### [Exercise]
Without any pictures, copy the records below once more, exactly as they are.

= = = = =

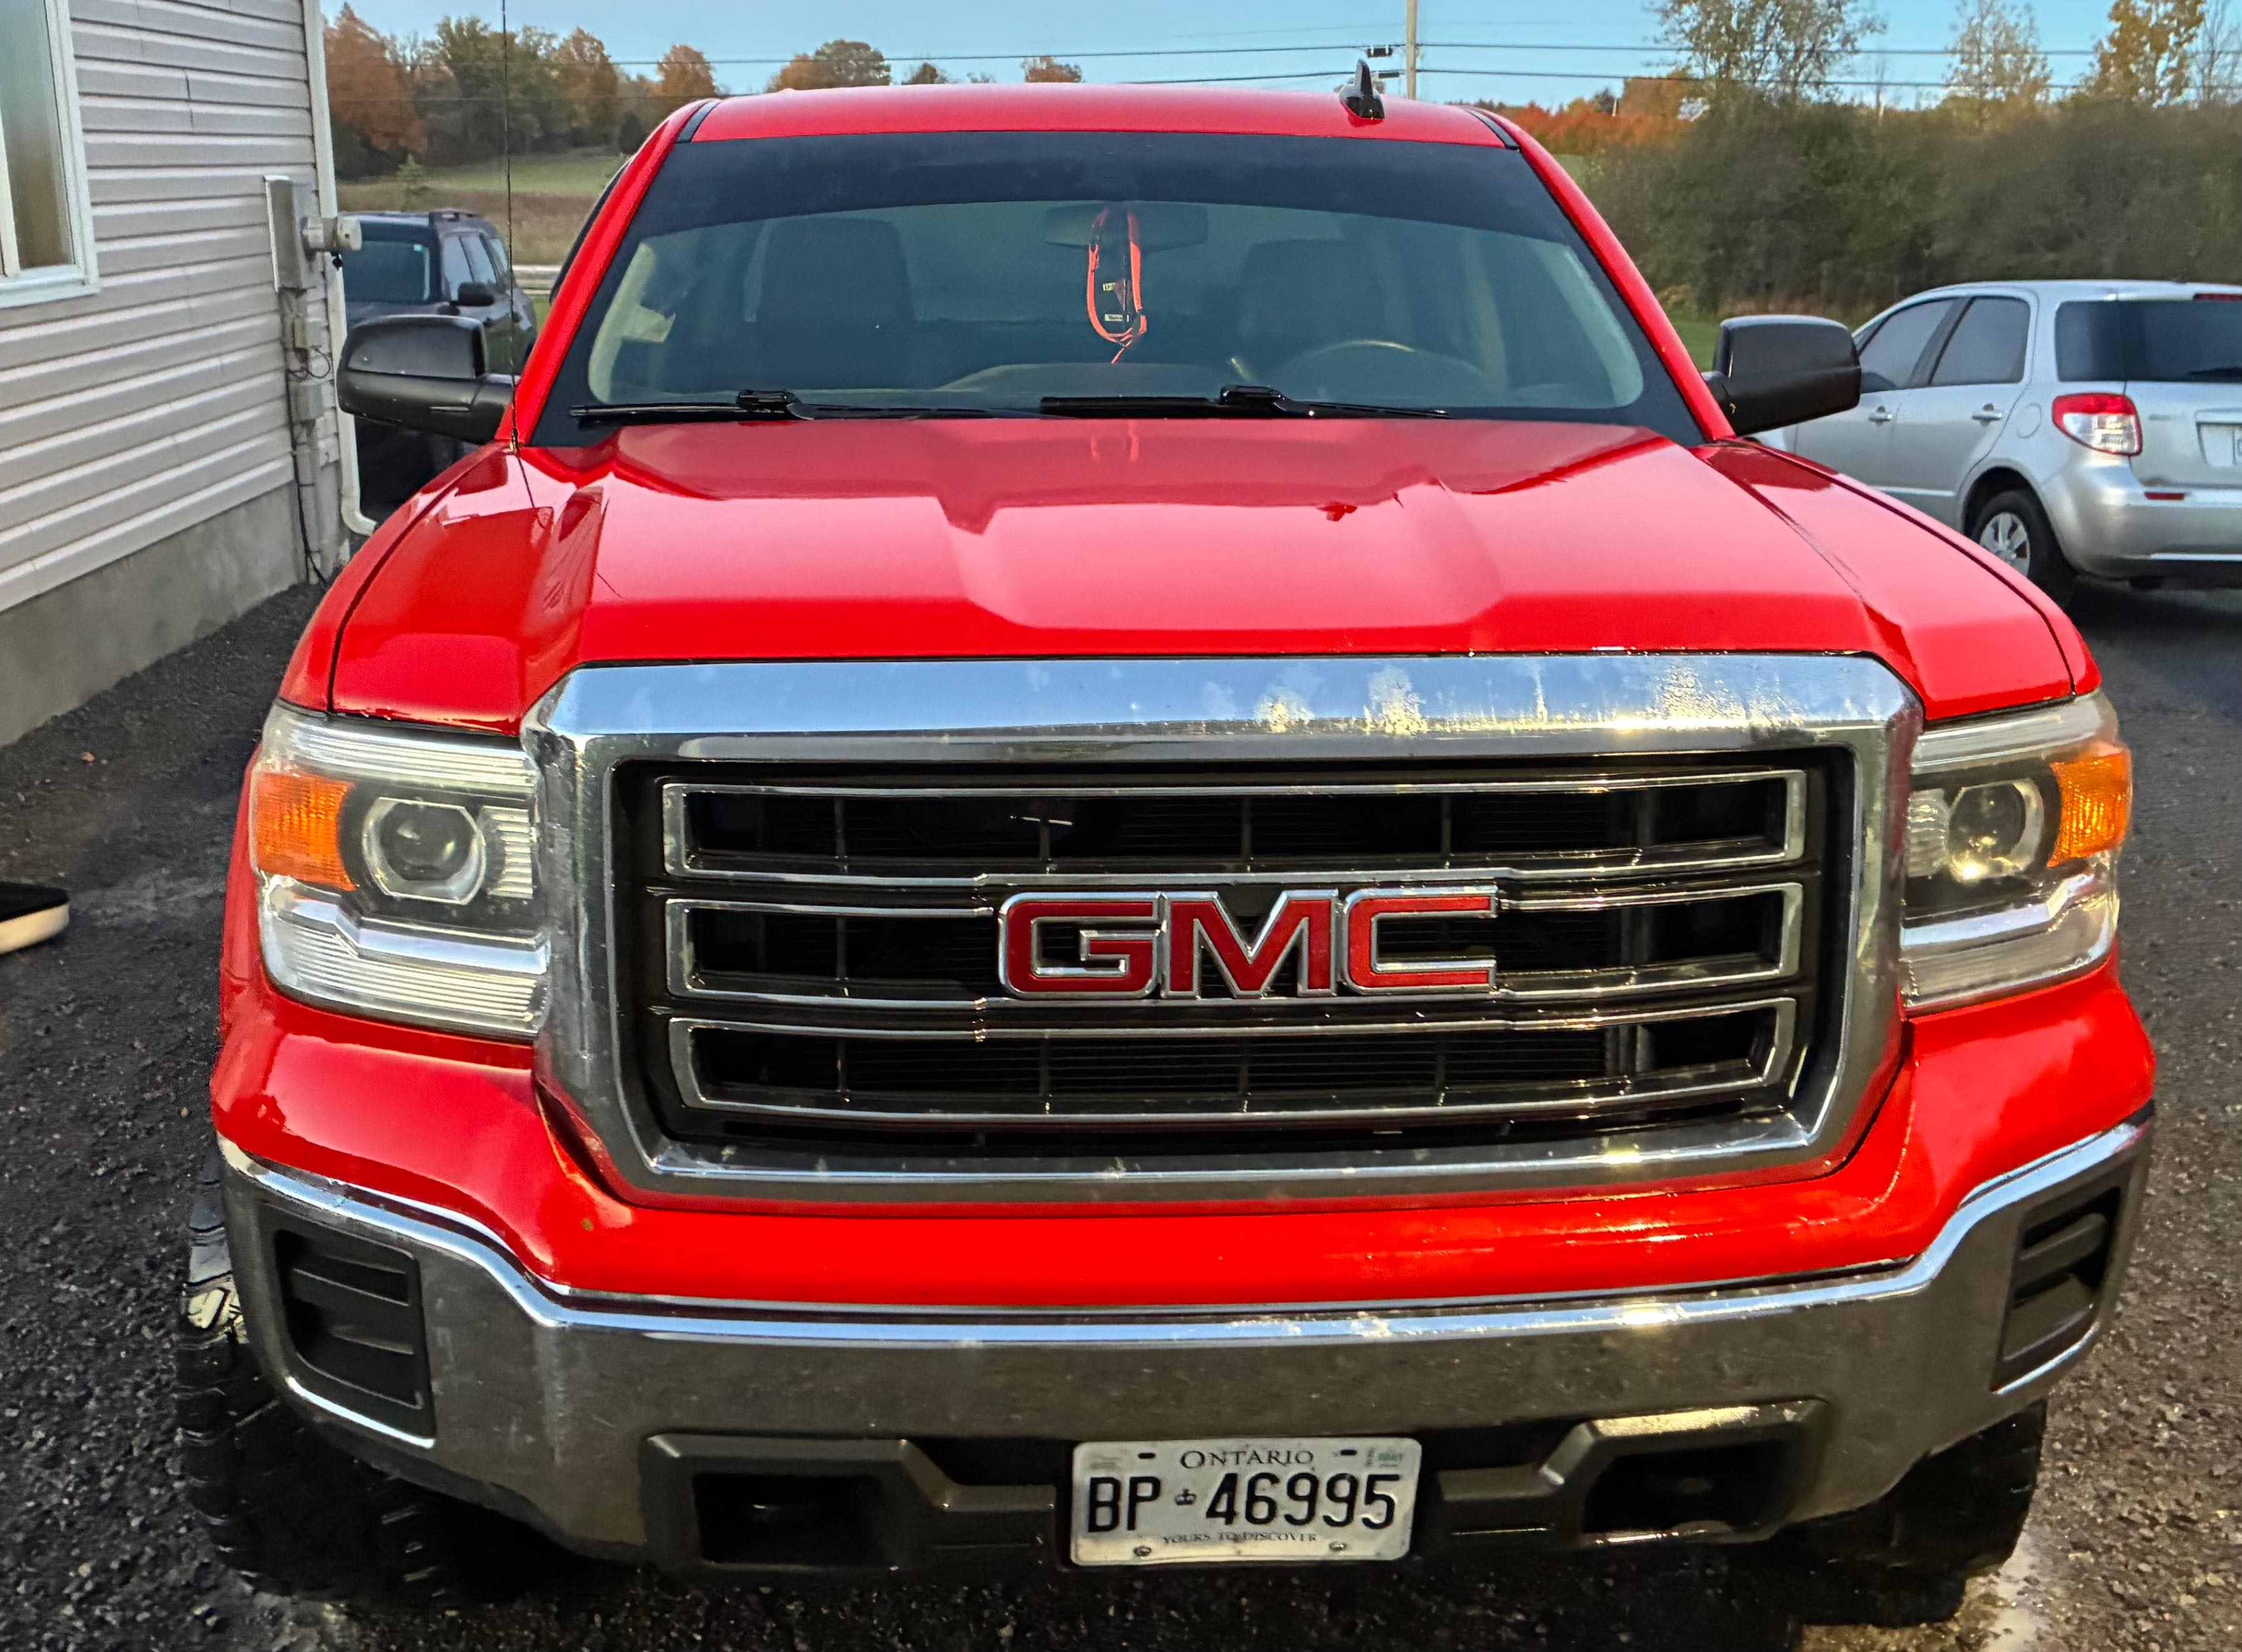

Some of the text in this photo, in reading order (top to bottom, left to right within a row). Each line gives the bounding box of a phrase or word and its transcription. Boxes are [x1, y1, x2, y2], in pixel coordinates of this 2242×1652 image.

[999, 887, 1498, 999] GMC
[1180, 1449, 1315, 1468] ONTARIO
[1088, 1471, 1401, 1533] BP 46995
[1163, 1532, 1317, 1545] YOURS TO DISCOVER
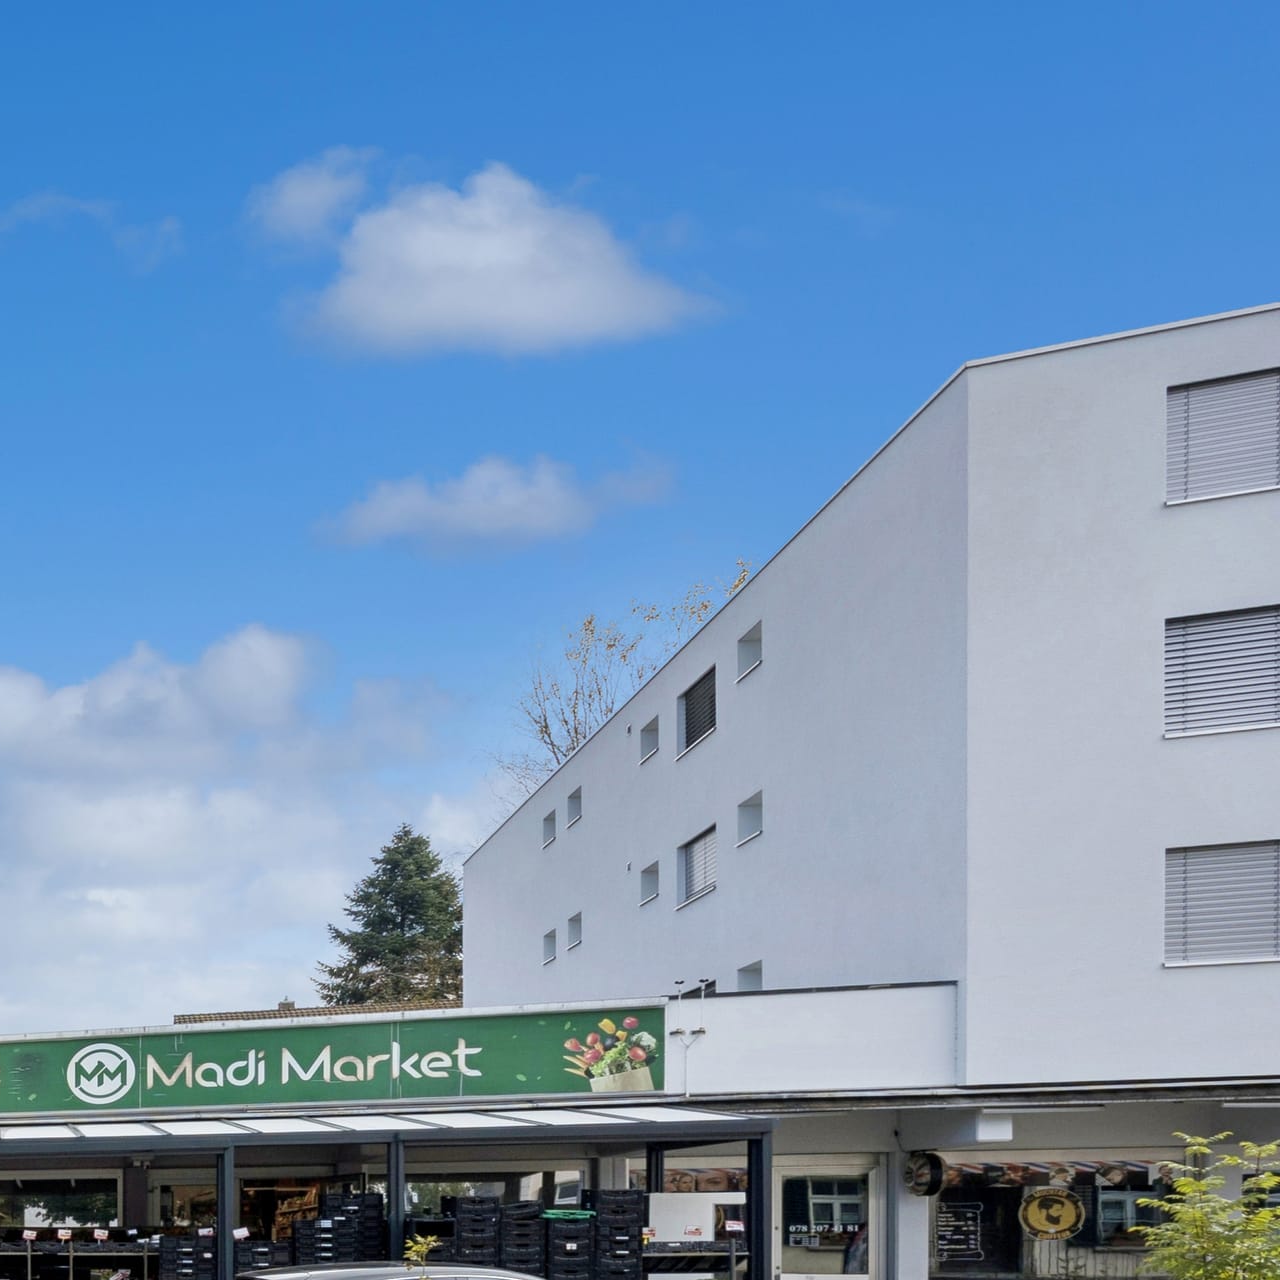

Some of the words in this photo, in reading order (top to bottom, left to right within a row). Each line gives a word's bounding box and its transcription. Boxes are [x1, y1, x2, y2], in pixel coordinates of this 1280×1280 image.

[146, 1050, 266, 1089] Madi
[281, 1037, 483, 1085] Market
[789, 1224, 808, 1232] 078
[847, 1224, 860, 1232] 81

= = = = =

### [Response to the task]
Some of the text in this photo, in reading order (top to bottom, left to right within a row). Each line gives the bounding box of a phrase or word and its transcription. Boxes are [x1, y1, x2, y2], in pixel coordinates of this 2242×1652 image.

[999, 887, 1498, 999] GMC
[1180, 1449, 1315, 1468] ONTARIO
[1088, 1471, 1401, 1533] BP 46995
[1163, 1532, 1317, 1545] YOURS TO DISCOVER

Some of the words in this photo, in reading order (top to bottom, left to right within a row). Each line gives a word's bounding box and its transcription. Boxes are [x1, y1, x2, y2], in pixel coordinates of this 1280×1280 image.

[146, 1050, 266, 1089] Madi
[281, 1037, 483, 1085] Market
[789, 1224, 808, 1232] 078
[847, 1224, 860, 1232] 81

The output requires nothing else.